Of course we have to weight this data with the real  values for the distribution of the population in Italy.
We found in this site this values of 28864088 for Male population and 30393478 for Female population who is registered at the moment in Italy. 

You can find this data at this site:
28864088
https://www.statista.com/statistics/786485/population-by-gender-in-italy/

In [None]:
tot["Registered"]=[28864088,30393478]
tot["Prop"]=tot.Total/tot.Registered
tot

In [None]:
plt.title("Mean number of Vaccinations for Gender")
plt.bar(tot.index,list(tot["Prop"]),color=["b","pink"])
#plt.bar(list(tot["Total"].value_counts()[0:1].keys()),list(tot["Total"].value_counts()[0:1]))
#plt.bar(list(fifa['nationality'].value_counts()[0:5].keys()),list(fifa['nationality'].value_counts()[0:5]),color="g")
plt.show()

In the 2 tables below we observe the number of the complexive vaccination for gender in the different regions

In [None]:
print("Number of Vaccination for Region on male population")
pd.DataFrame(data.groupby("region_name")["males"].sum().sort_values(ascending =False))

In [None]:
print("Number of Vaccination for Region on female population")
pd.DataFrame(data.groupby("region_name")["females"].sum().sort_values(ascending = False))

This table represent the number of different kind of vaccination for day.
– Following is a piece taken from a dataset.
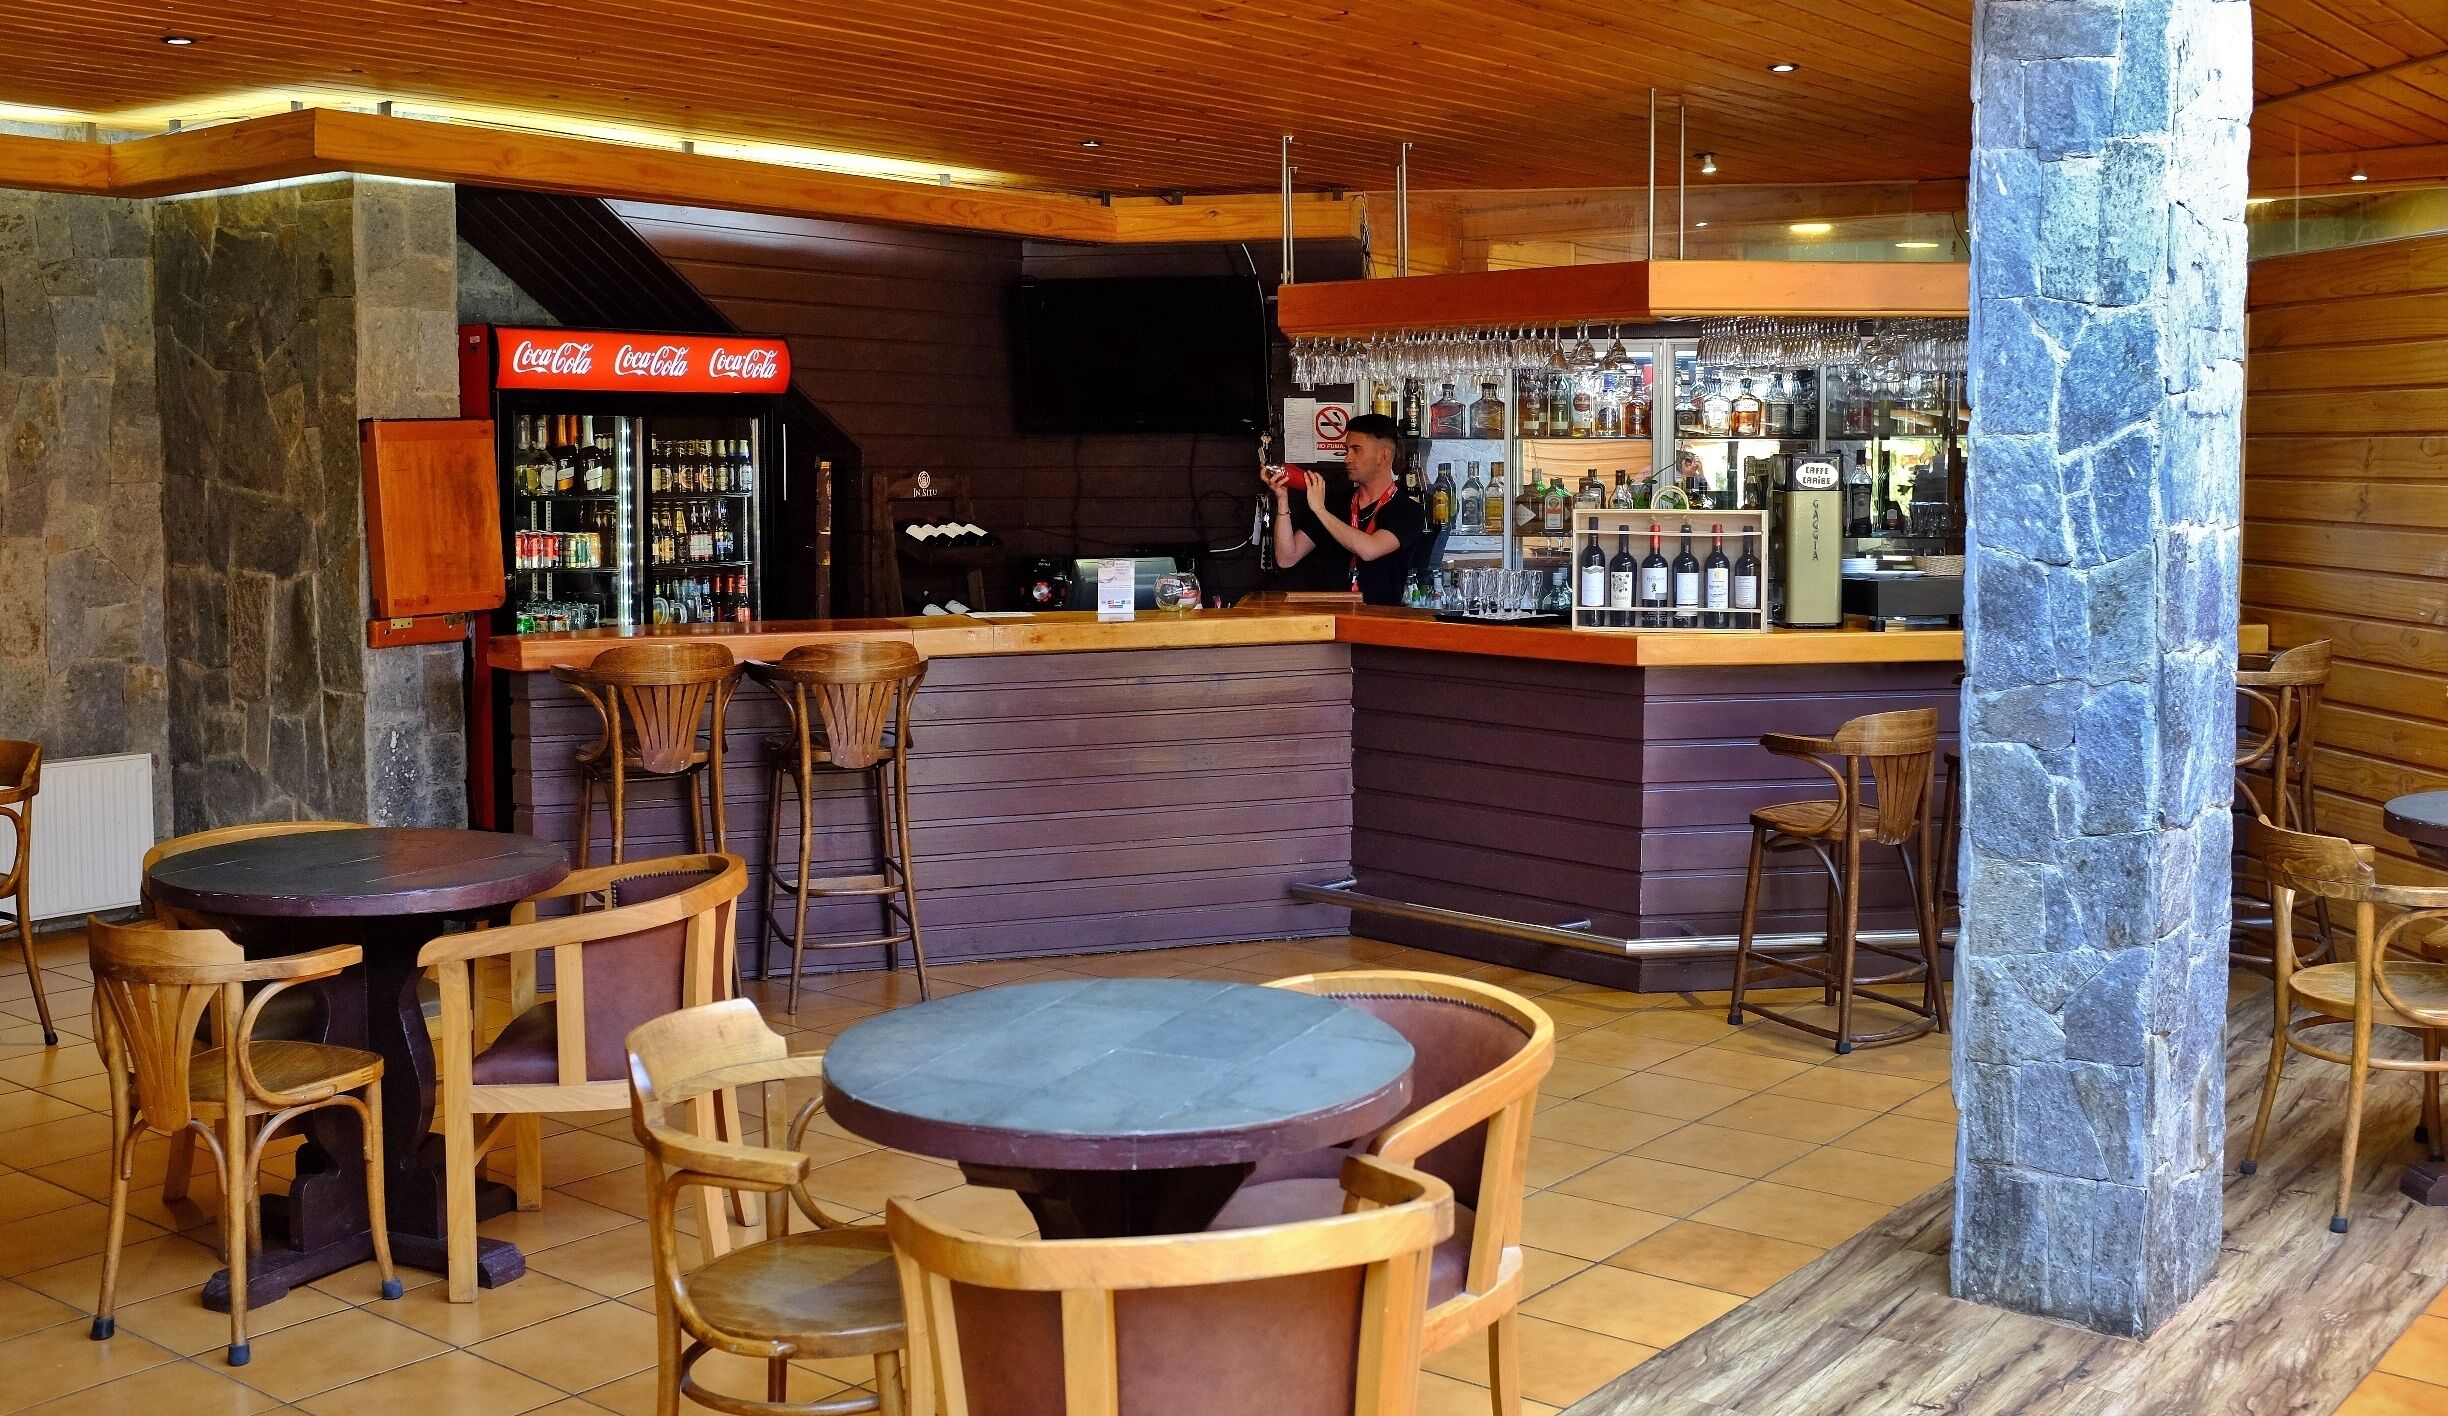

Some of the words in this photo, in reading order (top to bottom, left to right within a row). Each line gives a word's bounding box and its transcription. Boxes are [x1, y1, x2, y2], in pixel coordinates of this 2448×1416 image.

As we can see in the beginning we had just 2 kind of vaccinations ( first doses and doses for previous infection).
While many people has already vaccinated in this phase the most of vaccines are additional booster for people who already get 2 doses but the number of first and second doses tells us the number of people withouth any vaccination is decreasing by few tens of thousands for day

Data Grouped by day
----

In [None]:
data.columns

In [None]:
data.groupby("administration_date")['first_dose', 'second_dose', 'previous_infection',
       'additional_booster_dose', 'booster_immuno', 'second_booster'].sum()

In [None]:
data

In [None]:
data["dailytotal"]=data.males+data.females
data


In [None]:
#data["dailytotal"]=data.groupby("data")["m"].sum()+data.groupby("data")["f"].sum()
dictionary={"males":data.groupby("administration_date")["males"].sum(),"females":data.groupby("administration_date")["females"].sum()}
daily_gender=pd.DataFrame(dictionary)
daily_gender["Total"]=daily_gender.males+daily_gender.females
daily_gender

How many are vaccinated for Class of Age <a class='anchor' id= 3></a>
===


In [None]:
data.age_range

In [None]:
print("Number of Vaccination for Age in class for the male population")
data.groupby("age_range")["males"].sum().sort_values(ascending = False)

In [None]:
print("Number of Vaccination for Age in class for the female population")
data.groupby("age_range")["females"].sum().sort_values()

In [None]:
total_vaccination=data.males.sum()+data.females.sum()
plt.title("Distribution of the total vaccinations for Age")
age_vac=pd.DataFrame(data.groupby("age_range")["dailytotal"].sum().sort_values()/total_vaccinations)
age_vac.columns=["Total"]
plt.bar(age_vac.index,list(age_vac["Total"]))
plt.show()

In [None]:
print(((data.groupby("age_range")["dailytotal"].sum().sort_values()/total_vaccinations)*100).round(2))

In [None]:
data.males.sum()

In [None]:
plt.title("Distribution of Vaccine for Age on Males")
age_m=pd.DataFrame(data.groupby("age_range")["males"].sum().sort_values()/data.males.sum())
#(data.groupby("age_range")["dailytotal"].sum().sort_values()/60627130)
age_m.columns=["Total"]
plt.bar(age_m.index,list(age_m["Total"]))
plt.show()

In [None]:
((data.groupby("age_range")["males"].sum().sort_values()/data.males.sum())*100).round(2).sort_values(ascending=False)


In [None]:
plt.title("Distribution of Vaccine for Age on Females")
age_f= pd.DataFrame(data.groupby("age_range")["females"].sum().sort_values()/data.females.sum())
age_f.columns=["Total"]
plt.bar(age_f.index,list(age_f["Total"]))
plt.show()

We can found some differences in percentage but to make conclusions we should know the demographic structure of the population. 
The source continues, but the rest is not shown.